Alex has pulled his hair into a neat ponytail. He has evened out his movie star’s stubble and put on unscathed black jeans and a clean black shirt. He is wearing work boots though, originally black but now flecked with the pigments he’s not been able to scrape off. The dark sports coat that Ethan has loaned him lies draped across the backseat. Its arms are too long, but Alex has folded the sleeve ends into cuffs. He is handsome enough to make any clothing look deliberate, as if they are a new and edgy style.
“Barbiturates and booze. Those are the sane man’s choice,” Alex says.
“You’ve been thinking about this, have you?”
“Why n
ot. At our age dying is still a game. You can choose to or not. When you’re old your choice is basically to die slow or to die fast.”
“And if you choose fast? What about the people you leave behind?”
“At least they won’t have to watch you fall apart.”
Ethan has heard this argument before, if not so overtly. He’d heard it in Leston’s study when the doctor described his wife’s future with dementia.
“So you think Zoe is better off?”
“Are you high?” Alex says. “She’s suffering. I don’t know why you didn’t go up there already to help her through this.”
“We are not together anymore. Maybe her new boyfriend is handling those duties.”
“Does she even have one? I spoke to her and she’s up in the country alone.”
“Then why didn’t you go?”
Alex shakes his head. “Because I never lived with her.”
“Zoe’s life is not my responsibility,” Ethan says.
Alex comes back at him hard. “We’re not animals. We’re all each other’s responsibility.”

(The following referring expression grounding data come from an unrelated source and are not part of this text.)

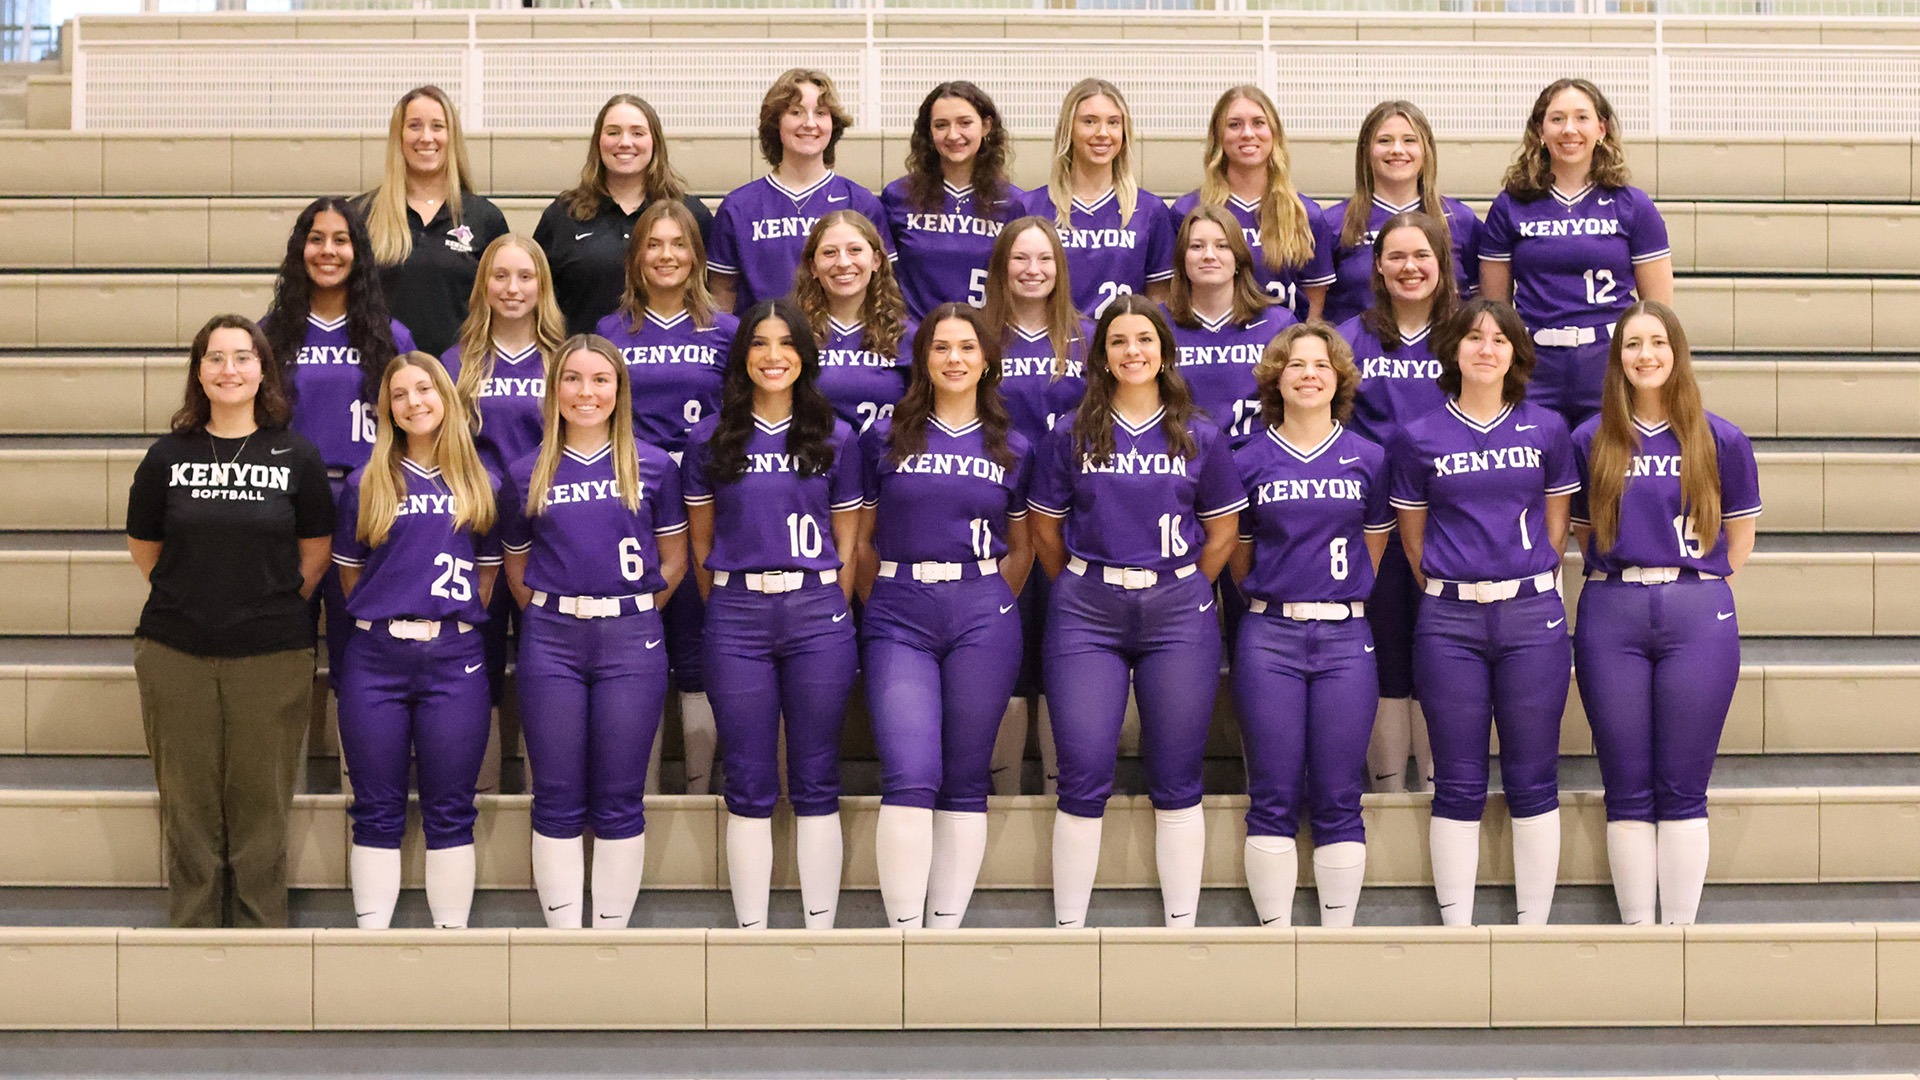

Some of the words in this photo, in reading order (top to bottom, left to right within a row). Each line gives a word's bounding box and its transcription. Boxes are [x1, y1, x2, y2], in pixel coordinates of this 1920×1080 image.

[752, 216, 821, 241] KENY
[906, 212, 1004, 237] KENYON
[1519, 217, 1618, 237] KENYON
[1056, 228, 1136, 249] ENYON
[968, 268, 988, 308] 5
[1583, 269, 1617, 304] 12
[297, 346, 361, 364] ENYO
[621, 344, 717, 365] KENYON
[818, 349, 896, 367] ENYON
[1001, 357, 1083, 378] ENYON
[1175, 344, 1265, 367] ENYON
[1362, 355, 1443, 379] KENYO
[479, 378, 545, 398] ENYO
[350, 399, 377, 444] 16
[1230, 399, 1262, 437] 17
[896, 453, 1006, 485] KENYON
[1081, 453, 1187, 477] KENYON
[1434, 446, 1542, 476] KENYON
[169, 462, 290, 490] KENYON
[190, 488, 265, 501] SOFTBALL
[1257, 479, 1362, 505] KENYON
[786, 513, 822, 559] 10
[970, 518, 991, 560] 11
[1519, 507, 1532, 550] 1
[1673, 515, 1704, 559] 15
[618, 537, 644, 581] 6
[1329, 537, 1348, 580] 8
[430, 552, 474, 602] 25

“Sort of like . . . ,” Ethan starts. He was about to say sort of like buying someone’s paintings so they don’t starve. Instead he gnaws his inner cheek.
Alex reaches into the backseat and pulls Leston’s manila folder onto his lap.
“Put it back,” Ethan says.
“You can’t give this to her without reading it.” Alex undoes the clasping rubber band.
“Put it back,” Ethan says.
“What are you afraid of?” Alex opens the folder. “Dude, it’s just old newspaper clippings,” he says. And then he begins to read aloud.
LOCAL TEEN MISSING NEARLY A MONTH
Monroe, Conn., Jan. 20, 1989—The Monroe Police Department is asking for help in locating a missing 16-year-old girl. Susan Leston, who goes by the nickname Zee, was last seen on December 26th in her home at 28 Oak Court. She is believed to be unaccompanied. Leston is described as a white female with blonde hair and a fair complexion. She is approximately 5 feet 7 inches tall and weighs 105 pounds. She was wearing a leather coat when she disappeared. Anyone with information should contact Sgt. Murak of the Monroe Police.